Call and apply will then be further exposed as bare functions in Hot Cocoa Lisp:

(call console.log console 1 2 3) ; Hot Cocoa Lisp source
console.log.call(console, 1, 2, 3) // Javascript result

(apply console.log console [1 2 3]) ; Hot Cocoa Lisp source
console.log.apply(console, [1, 2, 3]) // Javascript result

Implementation

Over the course of this semester the specification for the language has become increasingly clear in my head. What remains is to write that specification down, work out the details, and implement the language. These three things will likely happen concurrently. My implementation is at a fairly early stage. I have made several early passes at implementation much of which will ultimately be refactored/rethough/scrapped over the next few months. I have made a working general purpose scanner, parser, and semantic analyzer which can currently convert raw Hot Cocoa Lisp Code to an abstract syntax tree including the peviously mentioned syntactic sugar. There is a decent chance that I will actually end up replacing this with a simpler parser designed specifically for the language however that process will be made simpler by the tests I already have.

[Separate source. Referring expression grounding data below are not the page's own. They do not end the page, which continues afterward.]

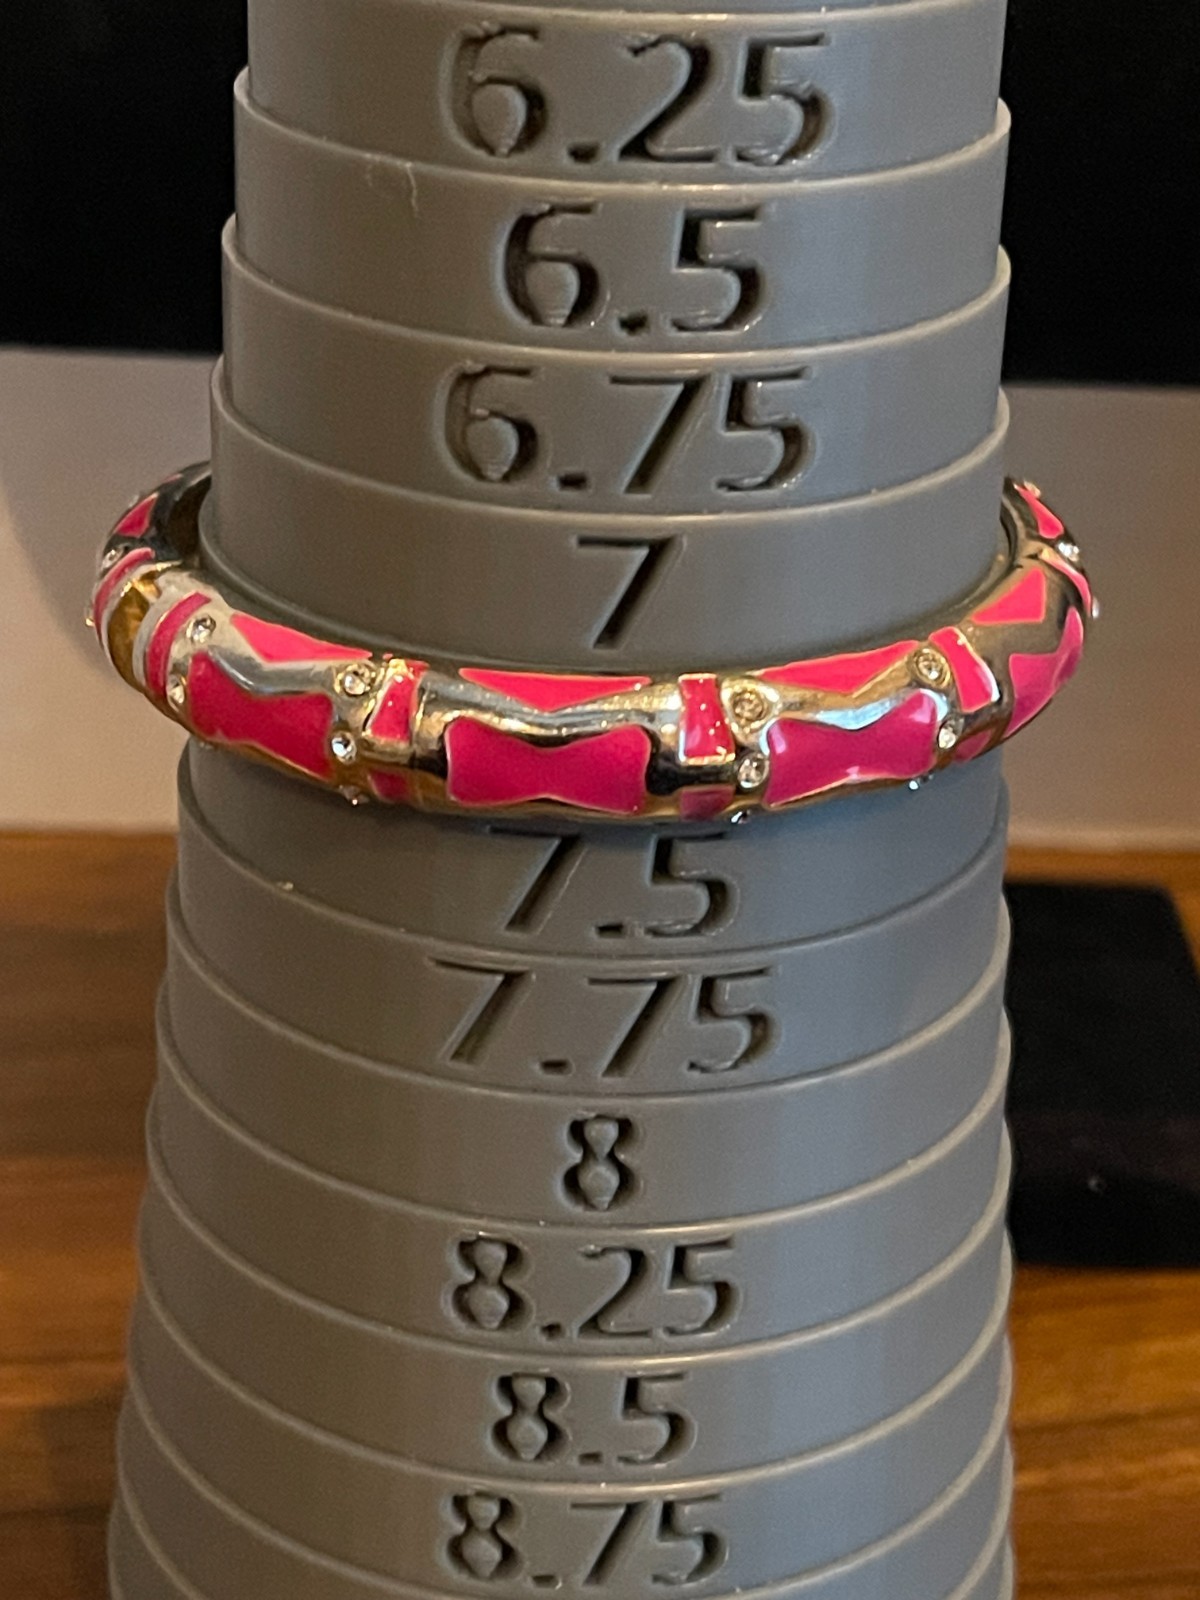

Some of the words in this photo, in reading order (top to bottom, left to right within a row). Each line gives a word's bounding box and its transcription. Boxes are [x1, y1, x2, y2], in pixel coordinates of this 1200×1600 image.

[444, 25, 835, 167] 6.25
[497, 200, 766, 332] 6.5
[437, 362, 815, 495] 6.75
[574, 535, 685, 650] 7
[487, 824, 738, 936] 7.5
[430, 958, 779, 1078] 7.75
[559, 1112, 642, 1212] 8
[447, 1233, 743, 1338] 8.25
[489, 1370, 697, 1467] 8.5
[443, 1491, 728, 1586] 8.75
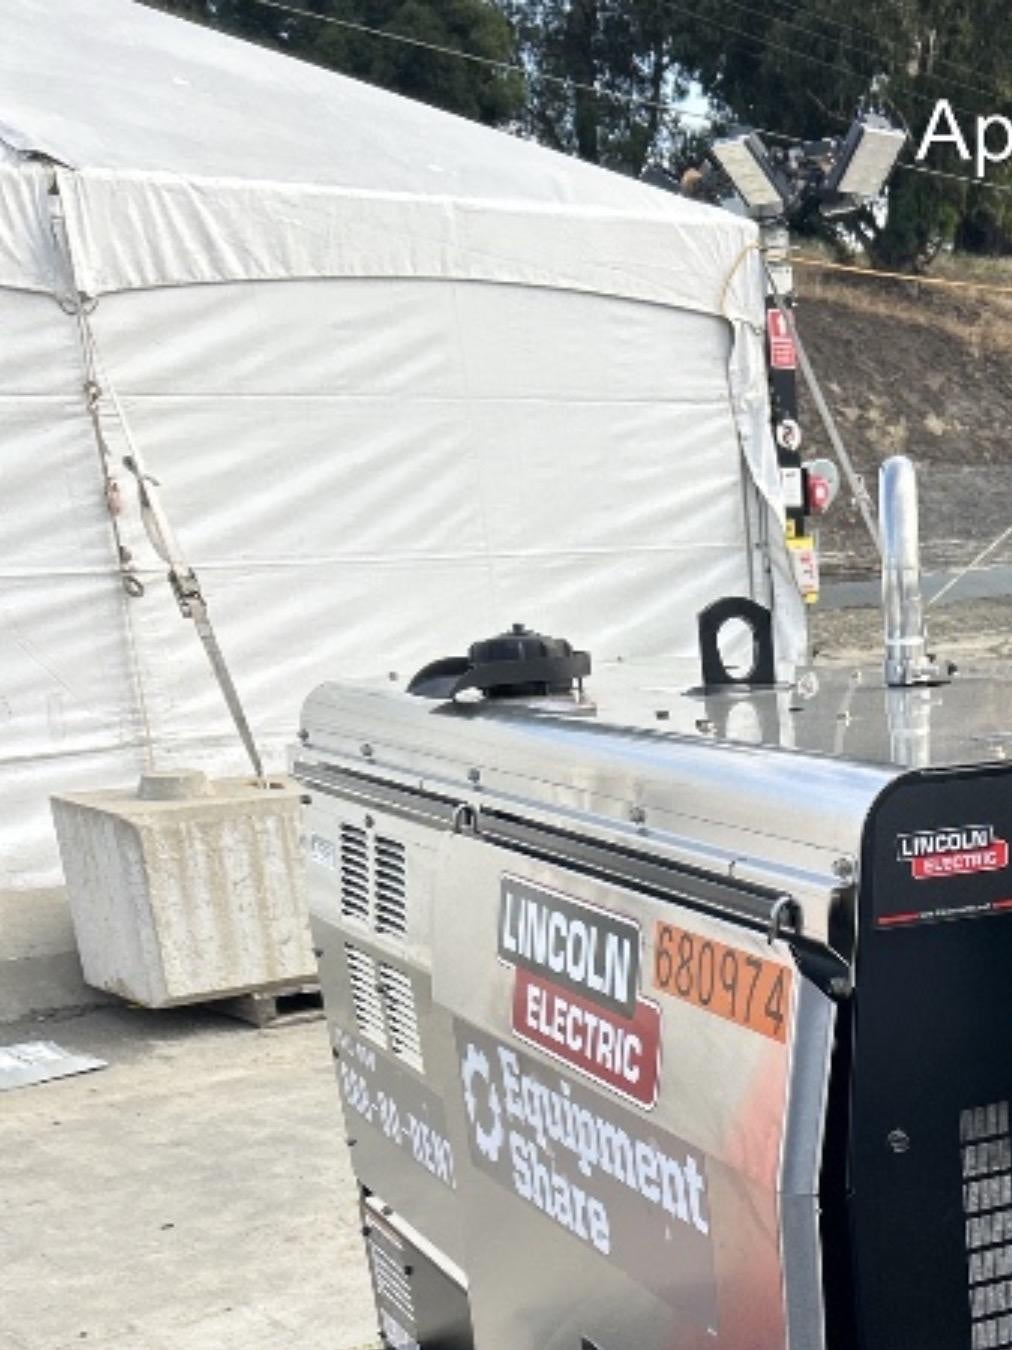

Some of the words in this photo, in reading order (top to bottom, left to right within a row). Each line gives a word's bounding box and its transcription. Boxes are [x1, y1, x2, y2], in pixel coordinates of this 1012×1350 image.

[901, 829, 988, 857] LINCOLN
[922, 850, 998, 872] ELECTRIC
[501, 891, 632, 1003] LINCOLN
[656, 924, 786, 1036] 680974
[525, 982, 643, 1084] ELECTRIC
[497, 1045, 710, 1235] Equipment
[508, 1129, 611, 1255] Share

I have also begun writing the compiler which should be fairly simple. The comiler will first run all macros on the code, then interpret the code in the following way: The js function will be implented to insert a formatted string of JavaScript code. Any other function will be translated from the form (funciton arg1 arg2) to the form function(arg1, arg2). Most of the language will then be implemented in macros. This means that much of the work will be in adding functionality to the macro system. Additionally I would like to add the ability to specify code that will be prepended to either the statement or the entire program so that for example:

(map (# (x) (* x x)) [1 2 3]) ; '#' is the lambda function

can become

var map = function(func, list) {
  var result = [];
  for (var i = 0; i< list.length; i++) result.push(func(list[i]));
  return result;
};

map(function(x) { return x * x; }, [1, 2, 3]);

I have also made a basic testing system using a combination of ruby and node. This system lets me specify pairs of javascript expressions that should be equal and then tells me which ones, if any, aren't. It has a number of useful features. It can detect files based on convention and automatically run all of the tests in my project. I can wrap error prone tests in anonymous functions which will then automatically be run in a try block which displays any error message without interupting the rest of the tests. Objects and arrays are automatically tested for equality using a recursive comparison.

Other topics

This semester I have also looked at a few interesting topics in language design that don't relate directly to my design project. I've loooked into a few parsing algorithms and implemented both recursive descent and CYK in the general case. I spent a lot of time thinking that my language would be interpretted and thus spent a fair bit of time looking into related implementation details. I spent a lot of time looking at implementing type systems with wrapped values using inheritance models before decided that my language would ultimately just have the same types as JavaScript. Also looked into ideas like L-values and R-values, tail recursive optimization in interpreters, and continuation passing as a control flow tool.

Conclusion

This semester I've made significant progress in my plan project while gaining a general grounding in the subject of language design. The most important major design issues have been mostly resolved and I'm ready to move forward with implementation details. Next semester I hope to finish and document the project. The field of programming language design seems to be a large and complex one and although this project only scratches the surface of it, I hope to come out of it with a much better understanding the nature programming languages and programming in general.